The Burj Dubai’s height relative to the world’s other tallest buildings. Source: ABDB.
The half-mile high Burj Dubai, the world’s tallest building, opens today. Six years in the building, the Burj’s opening happens despite Dubai’s recent debt crisis. The Sun-Times has more:
At about 2,600 feet — the exact height is literally a state secret — (the 160-story Burj Dubai) displaces the 1,670-foot Taipei 101 Tower in Taiwan to become indisputably the world’s tallest building, and it should hold that title for several years.
Burj Dubai has three distinct identities. The lowest floors contain a hotel. Above that are residences, some of which get hotel-style amenities such as maid service. And above that, in the most slender portion, are offices that were sold, not rented.
Chicago architectural firm Skidmore, Owings & Merrill LLP…(designed) of the tower. And Giorgio Armani designed all the residential flats.
The BBC puts the Burj Dubai’s completion into context:
Dubai is a city of superlatives, where everything has to be the biggest and the boldest. But like many of the world’s past tallest buildings, Burj Dubai was planned and built during the boom years, and finished during a property crash. The Empire State Building was completed during the Great Depression in the 1930s and the Petronas Towers in Malaysia during the 1990s Asian financial crisis.

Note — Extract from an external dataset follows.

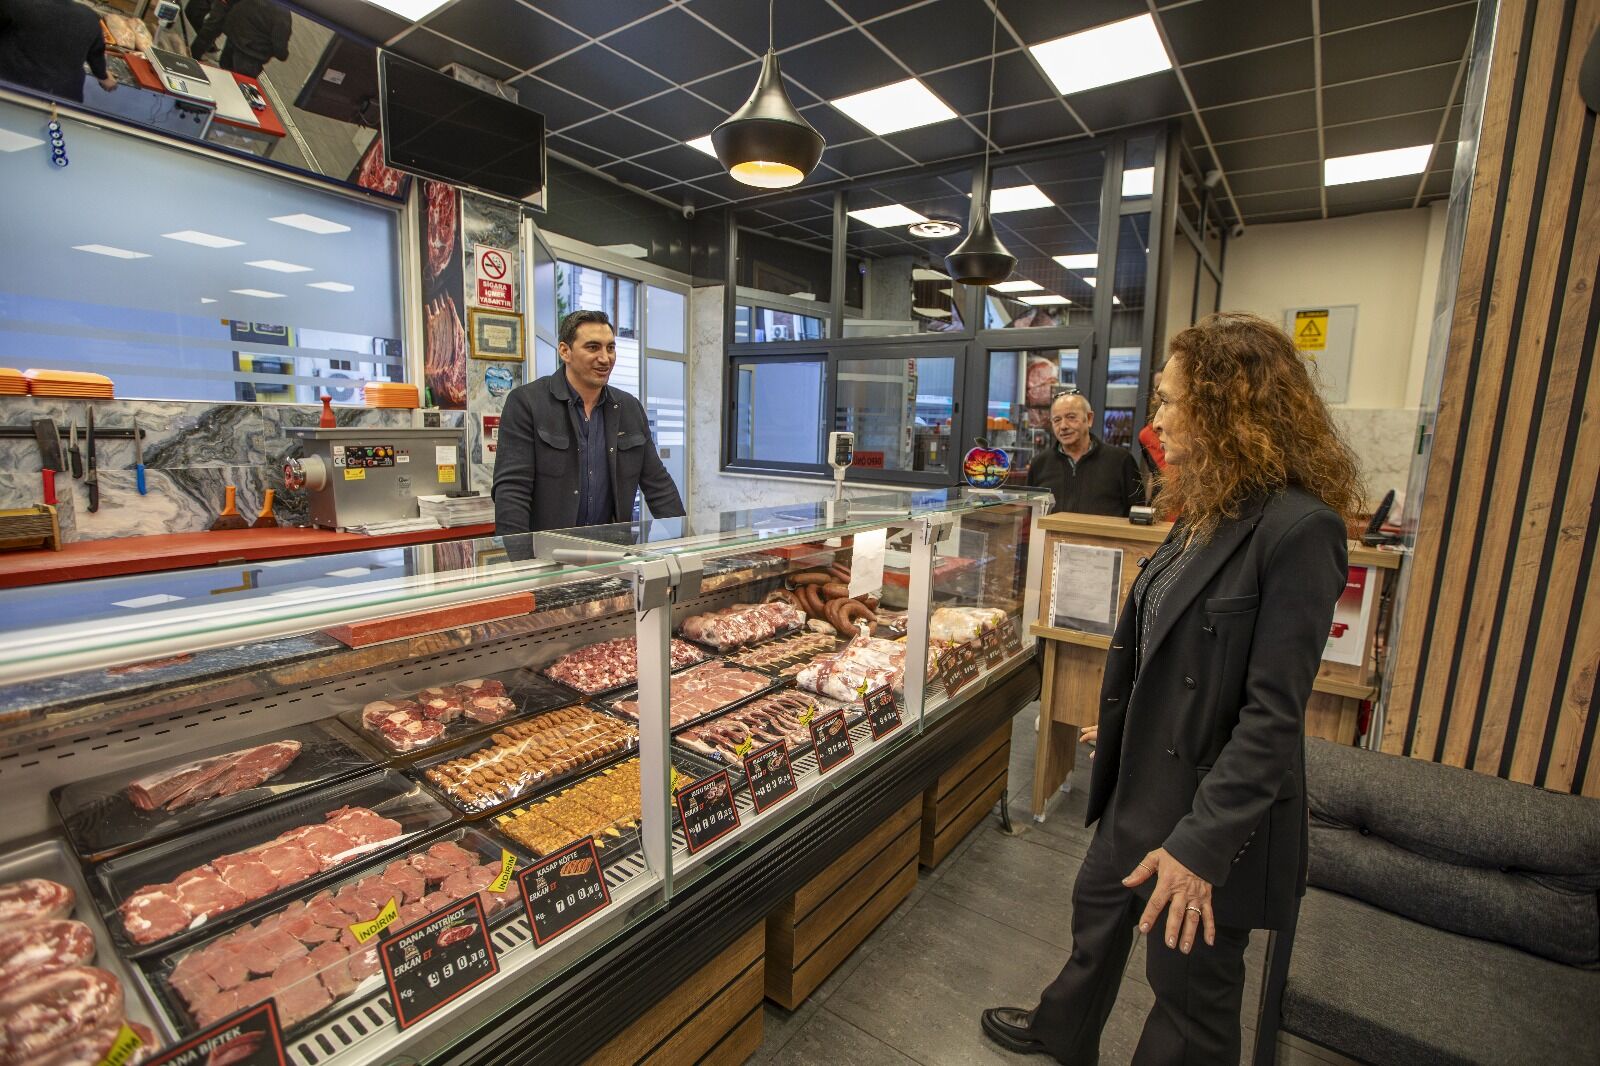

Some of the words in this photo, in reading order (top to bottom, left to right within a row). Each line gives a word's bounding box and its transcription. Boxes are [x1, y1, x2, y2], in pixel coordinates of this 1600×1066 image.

This has led many to question whether this latest record breaker is a white elephant. Though Mohamed Ali Alabbar argues it is anything but.
“As of today we have sold 90% of the building and we expect it to be 90%-occupied,” he says. “We were lucky to make more than a 10% return. Originally we thought we’d be lucky to break even, because we can make so much money from the land around Burj Dubai which is a 500-acre site.”
The fact that the developer has made a profit on its $1.5bn (£928m) investment has been helped by the fact that it bought the land with equity and not cash, and that it pre-sold most of the apartments and offices before the property crash.
Investors have already handed over 80% of the value of the apartments and offices, and will pay the remaining 20% on moving in. And in contrast to many unfinished developments in Dubai, the default rate among investors has been low.
If nothing else, the Burj Dubai is the city’s last hurrah for a long time.